Work order → Give the listing below again exactly, but without any of its pictures.

Dataset content →
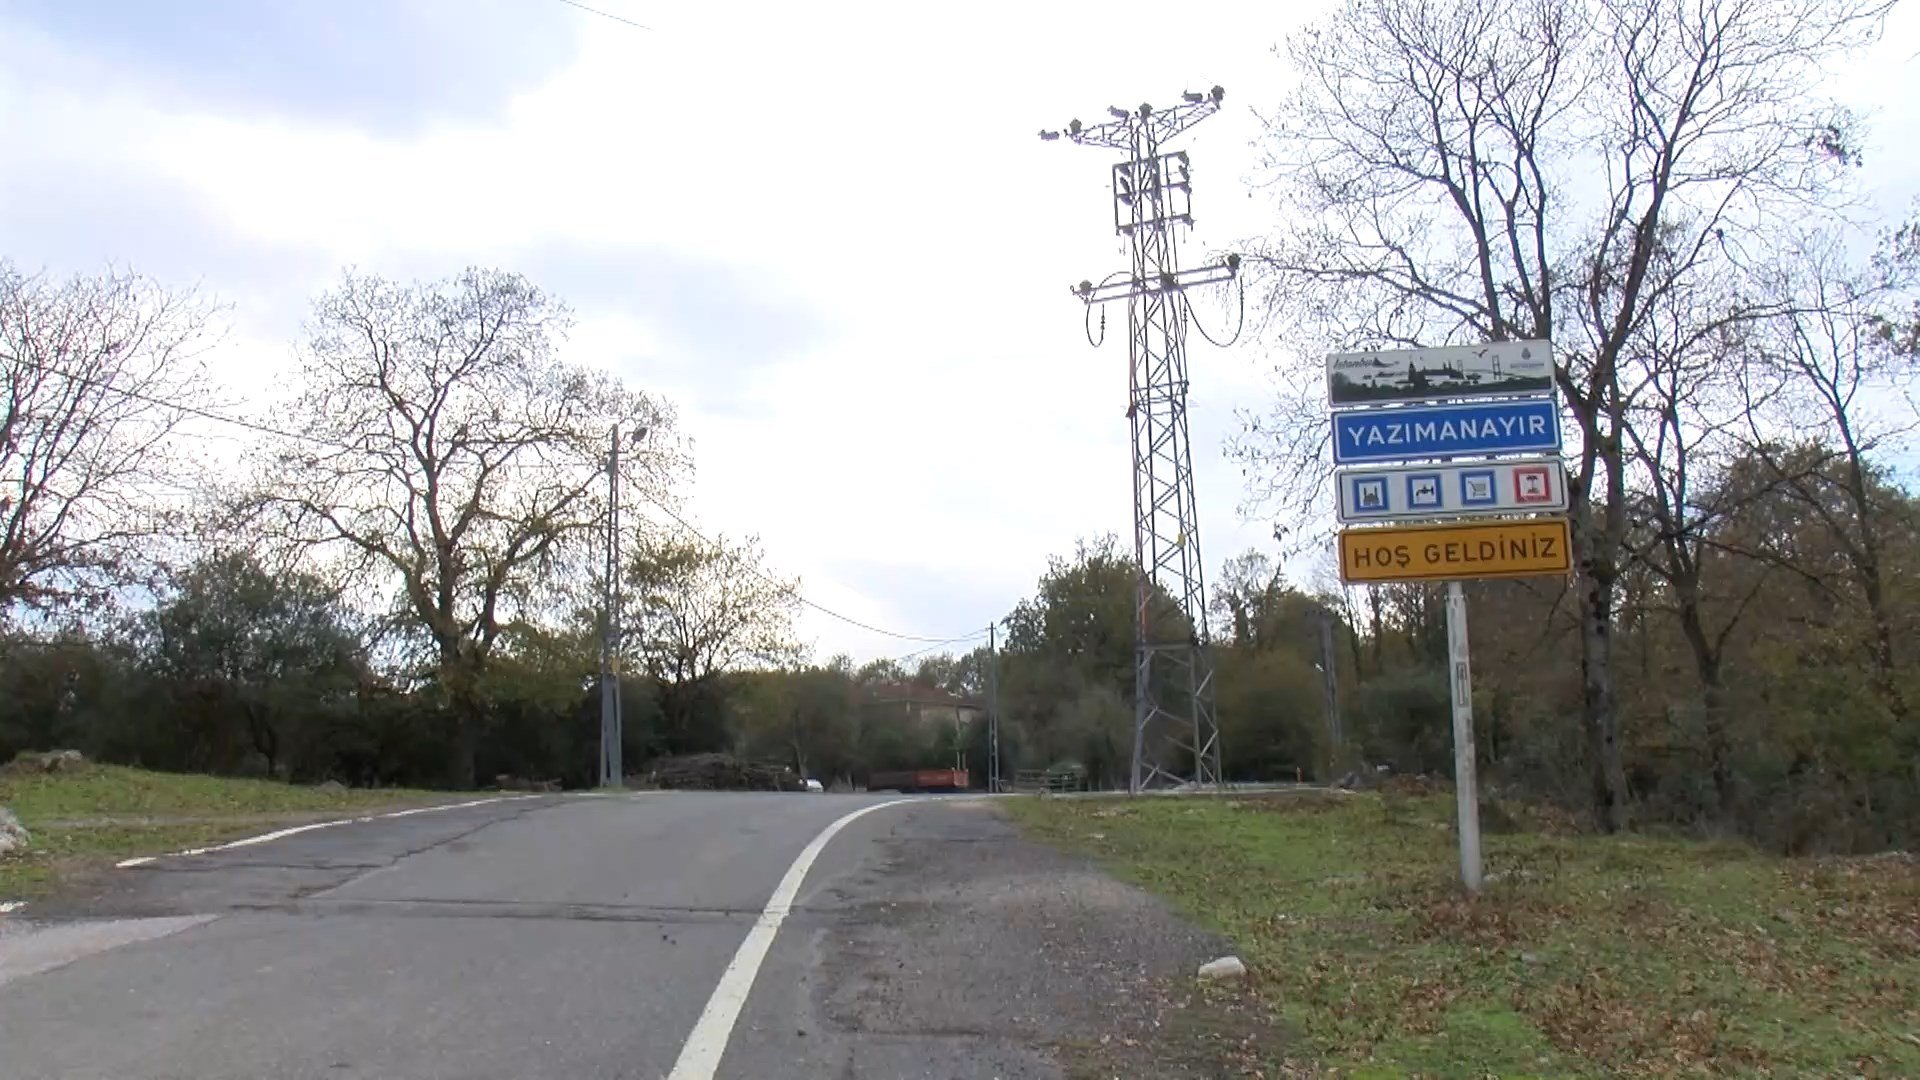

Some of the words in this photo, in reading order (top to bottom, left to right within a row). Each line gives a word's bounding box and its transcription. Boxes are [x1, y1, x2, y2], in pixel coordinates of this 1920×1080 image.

[1347, 415, 1546, 446] YAZIMANAYIR
[1353, 544, 1411, 568] HOŞ
[1424, 532, 1557, 565] GELDİNİZ
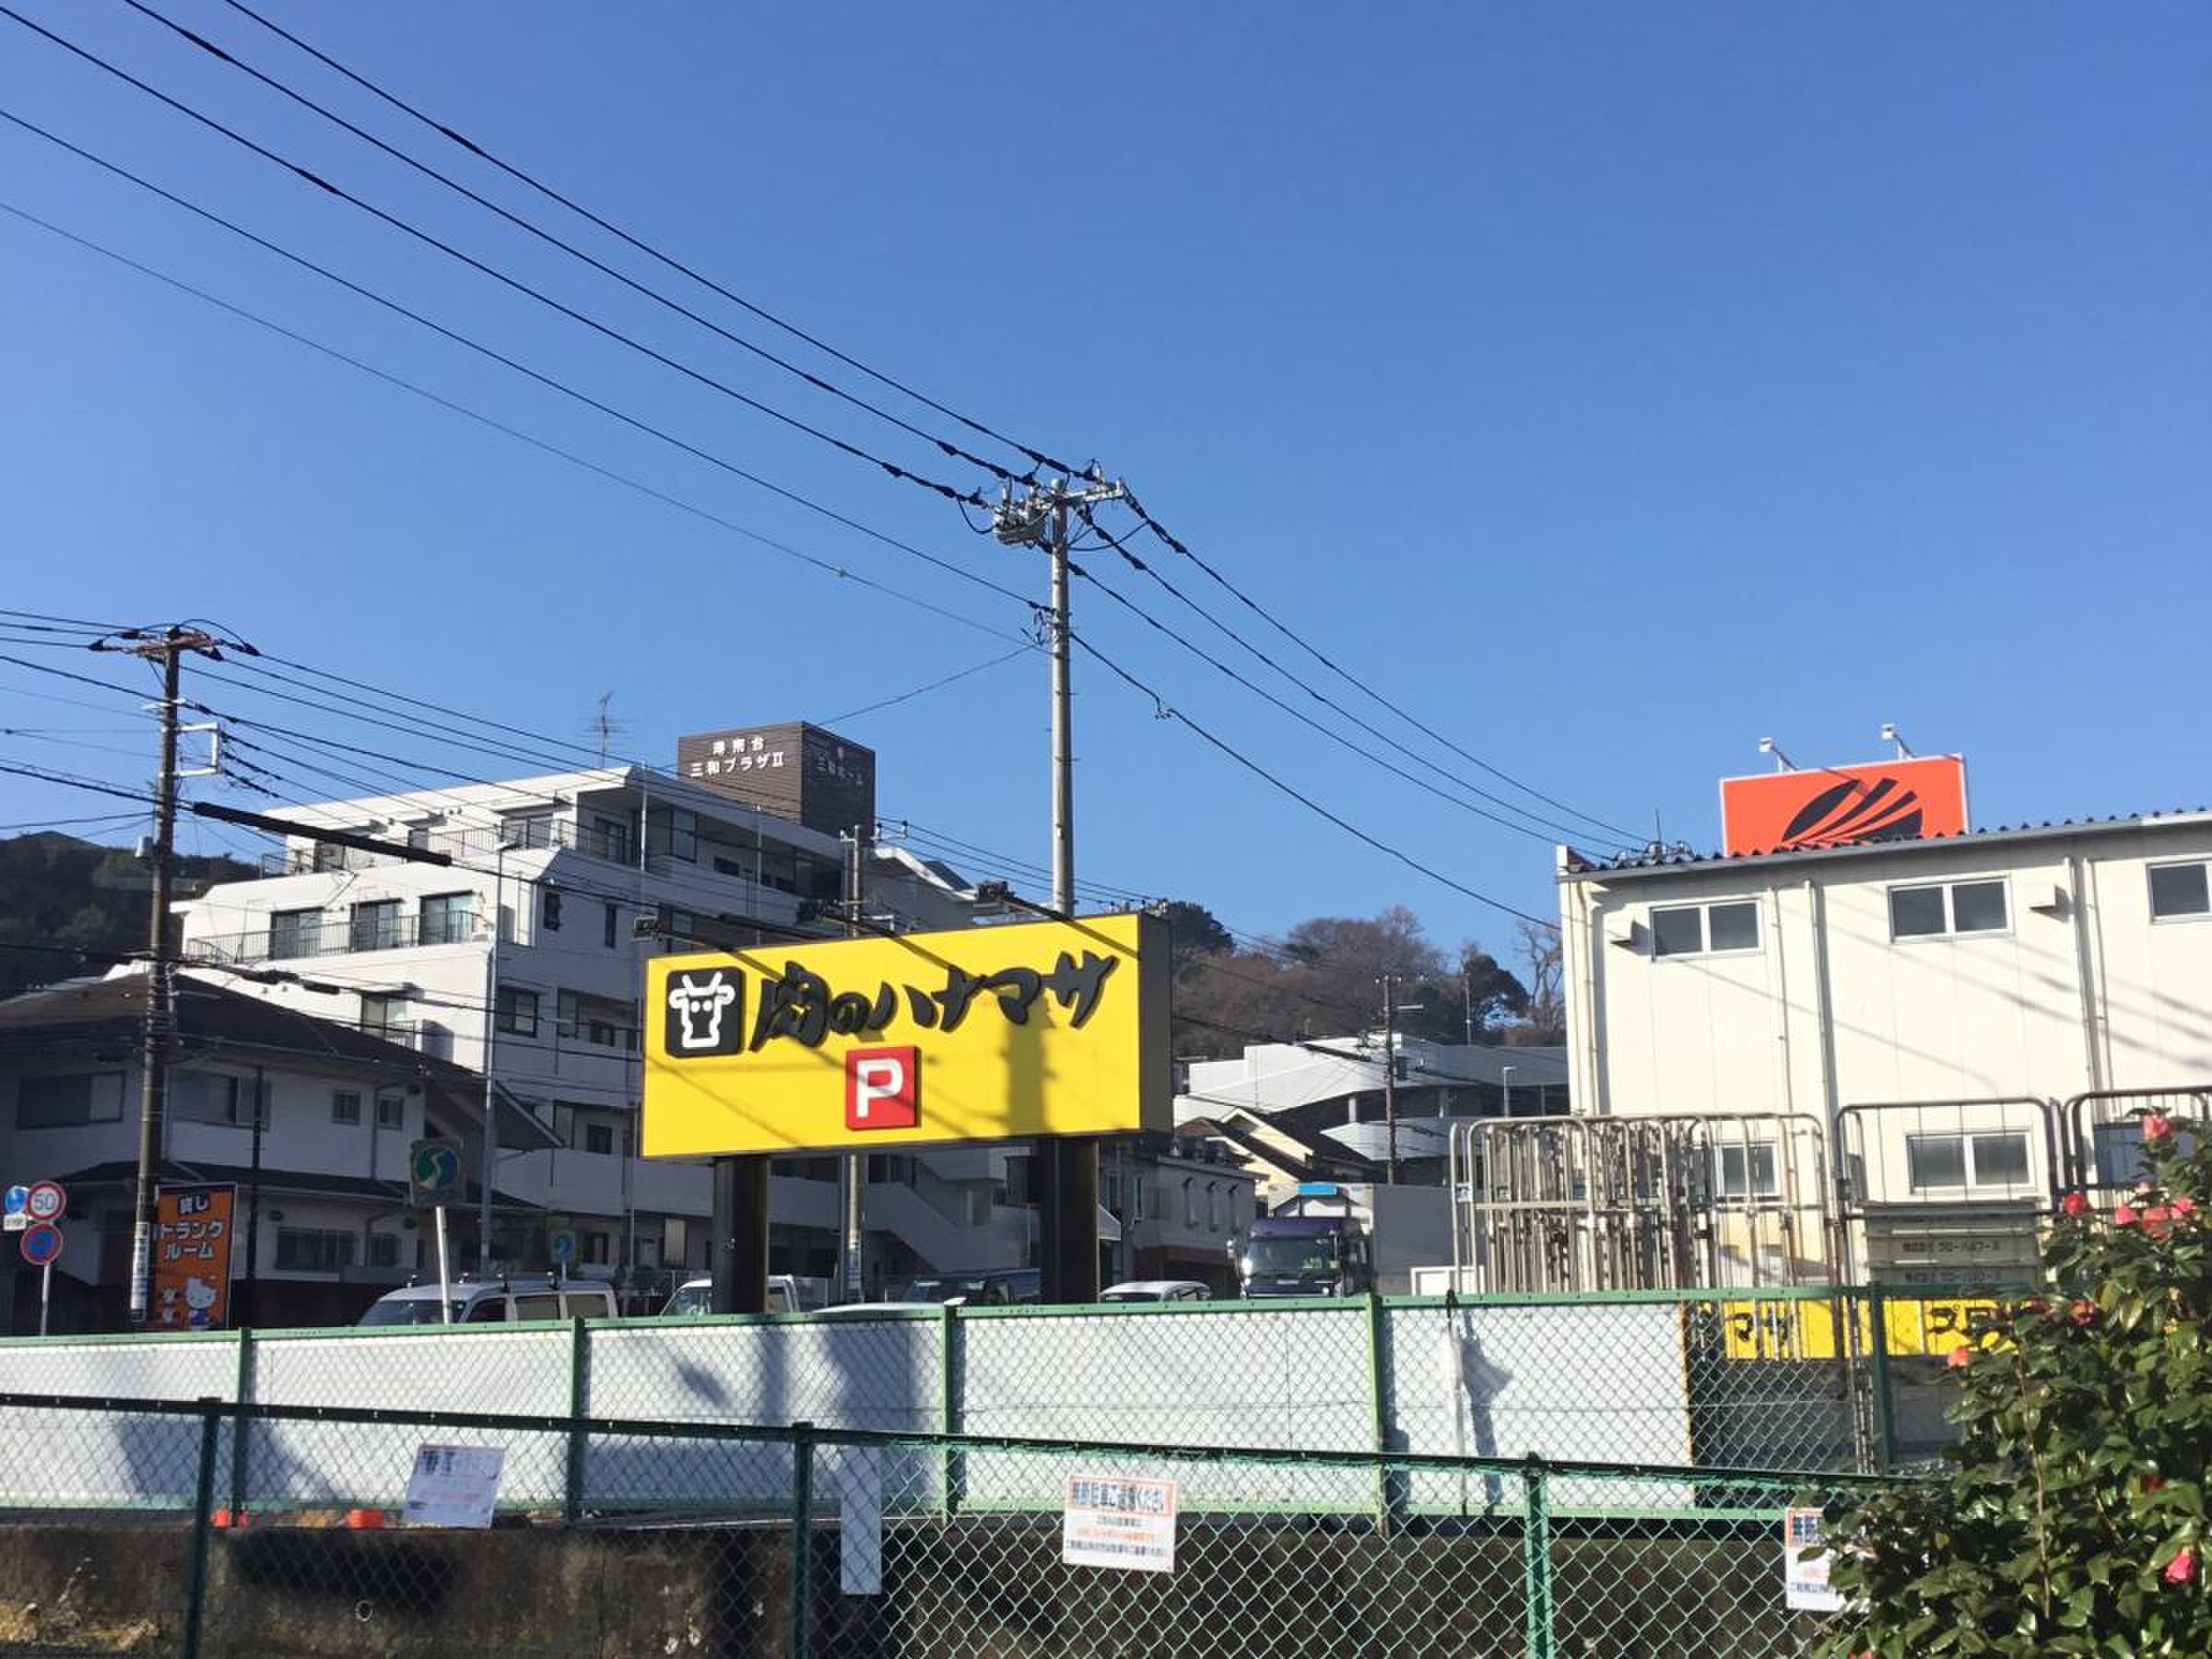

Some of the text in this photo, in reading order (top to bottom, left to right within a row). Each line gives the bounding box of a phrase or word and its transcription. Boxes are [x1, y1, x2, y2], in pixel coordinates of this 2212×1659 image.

[856, 1060, 903, 1117] P
[33, 1192, 59, 1211] 50
[161, 1221, 224, 1240] トランク
[164, 1242, 214, 1260] ルーム
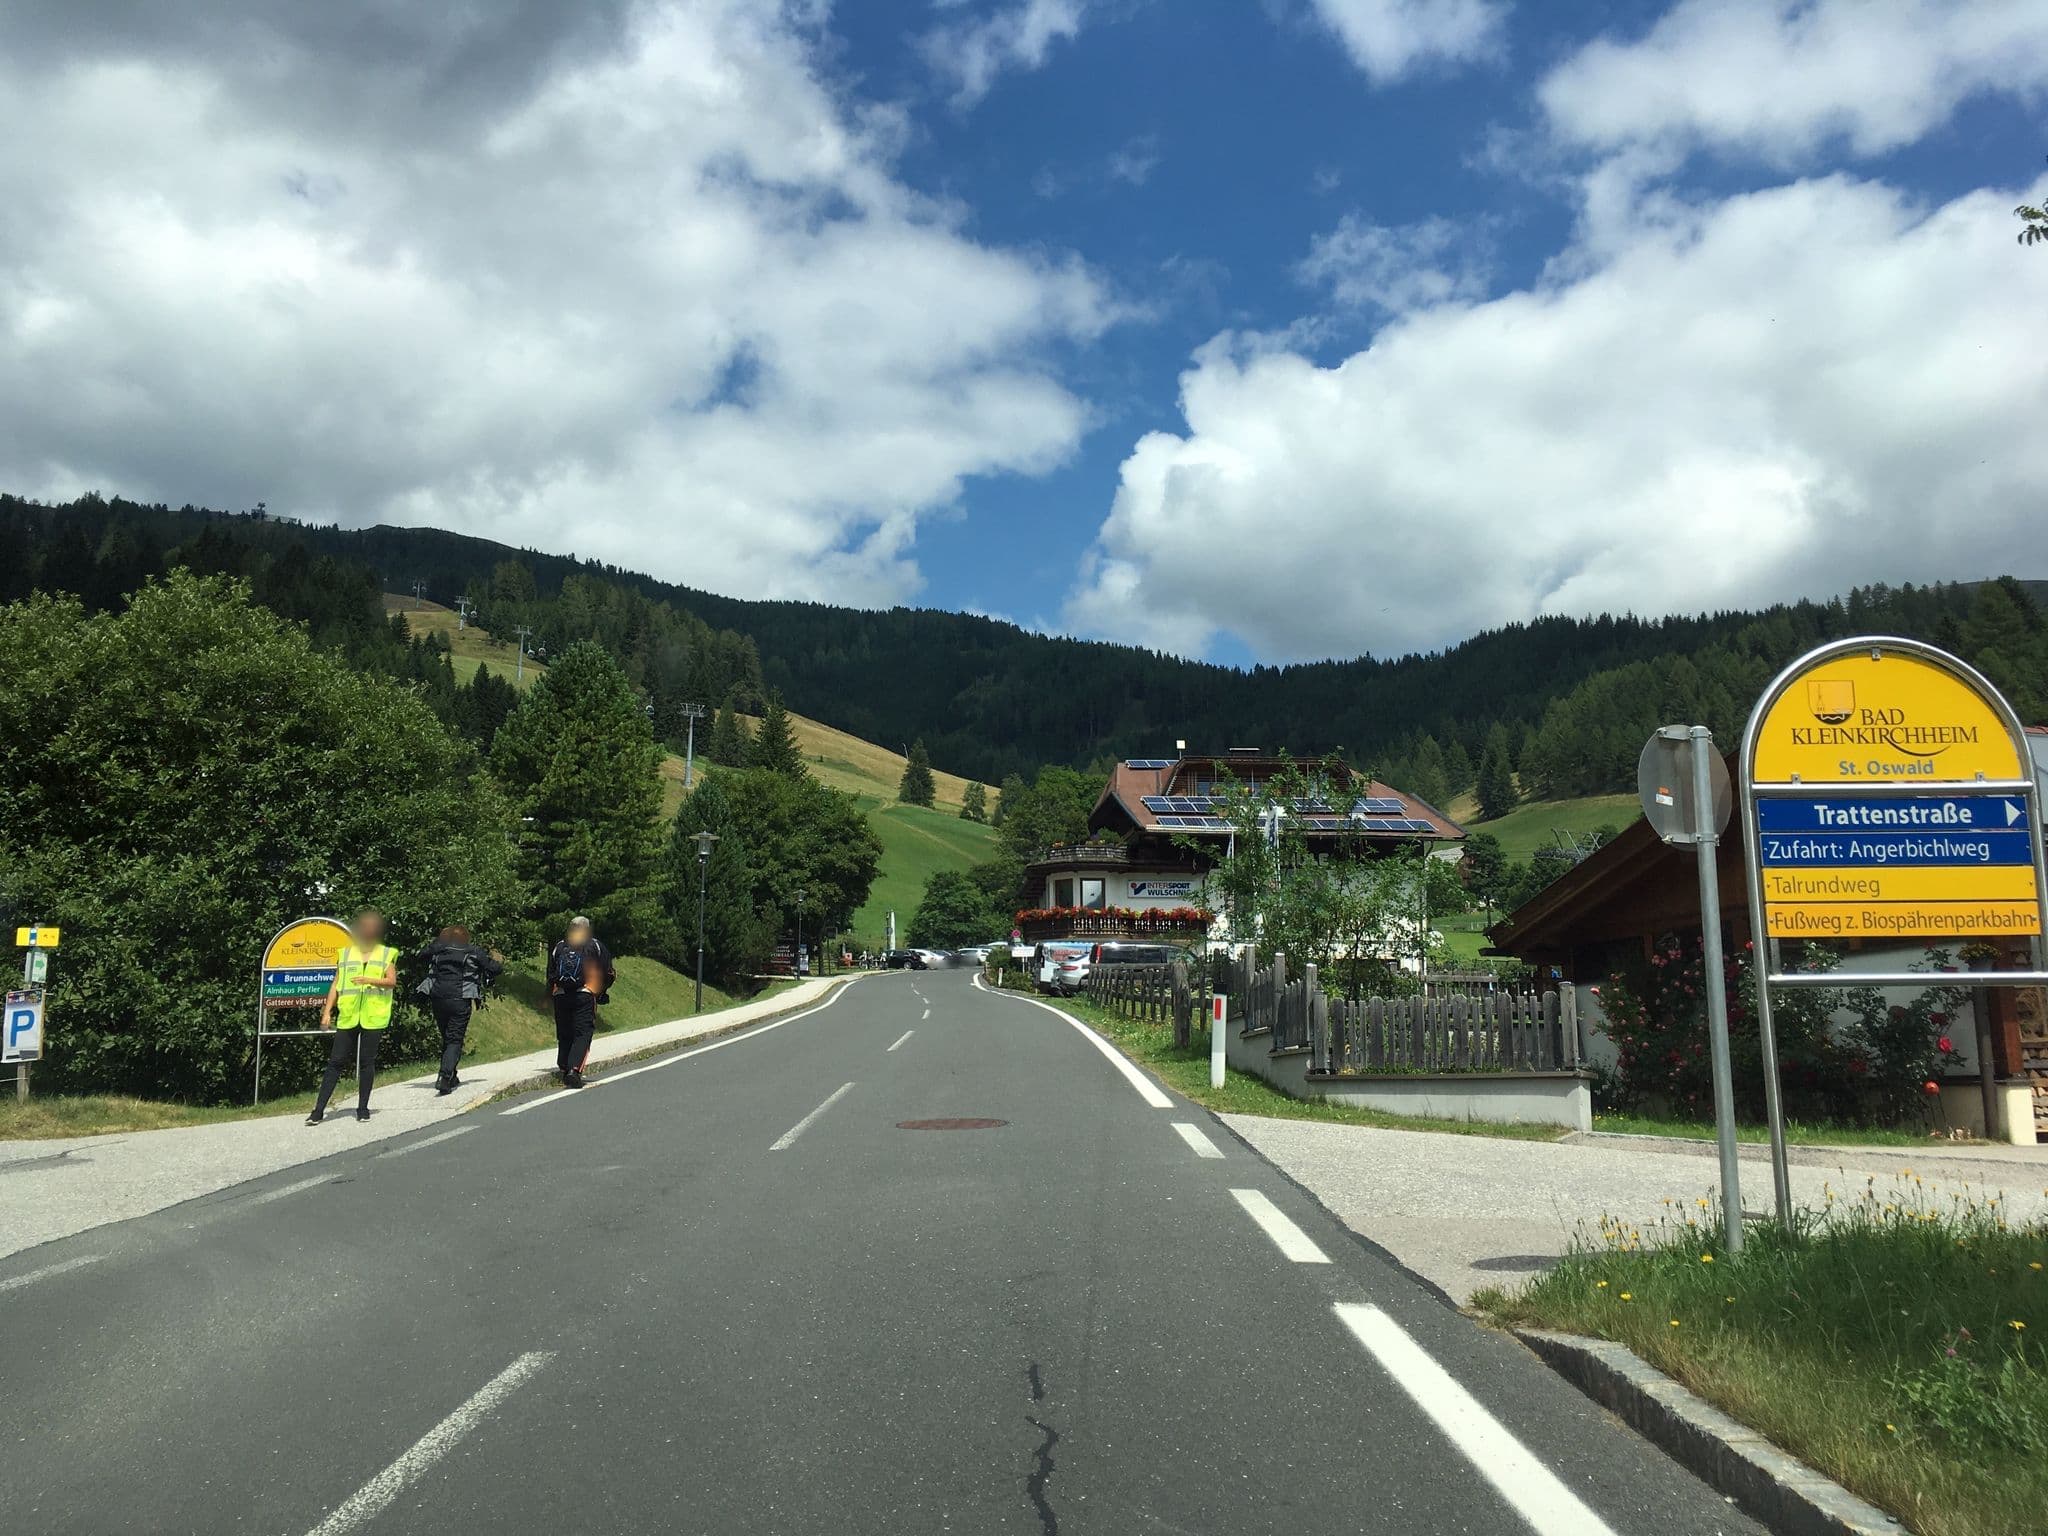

Problem solution →
Some of the words in this photo, in reading order (top to bottom, left to right within a row). Each line gives a word's bounding box and its transcription. Boxes are [x1, y1, x2, y2], in pixel coordinates of this 1920×1080 image.

[1347, 415, 1546, 446] YAZIMANAYIR
[1353, 544, 1411, 568] HOŞ
[1424, 532, 1557, 565] GELDİNİZ

Some of the text in this photo, in reading order (top to bottom, left to right within a row). Each line gives the bounding box of a phrase or word and its transcription. Boxes are [x1, y1, x2, y2], in pixel coordinates of this 2212×1659 image.

[856, 1060, 903, 1117] P
[33, 1192, 59, 1211] 50
[161, 1221, 224, 1240] トランク
[164, 1242, 214, 1260] ルーム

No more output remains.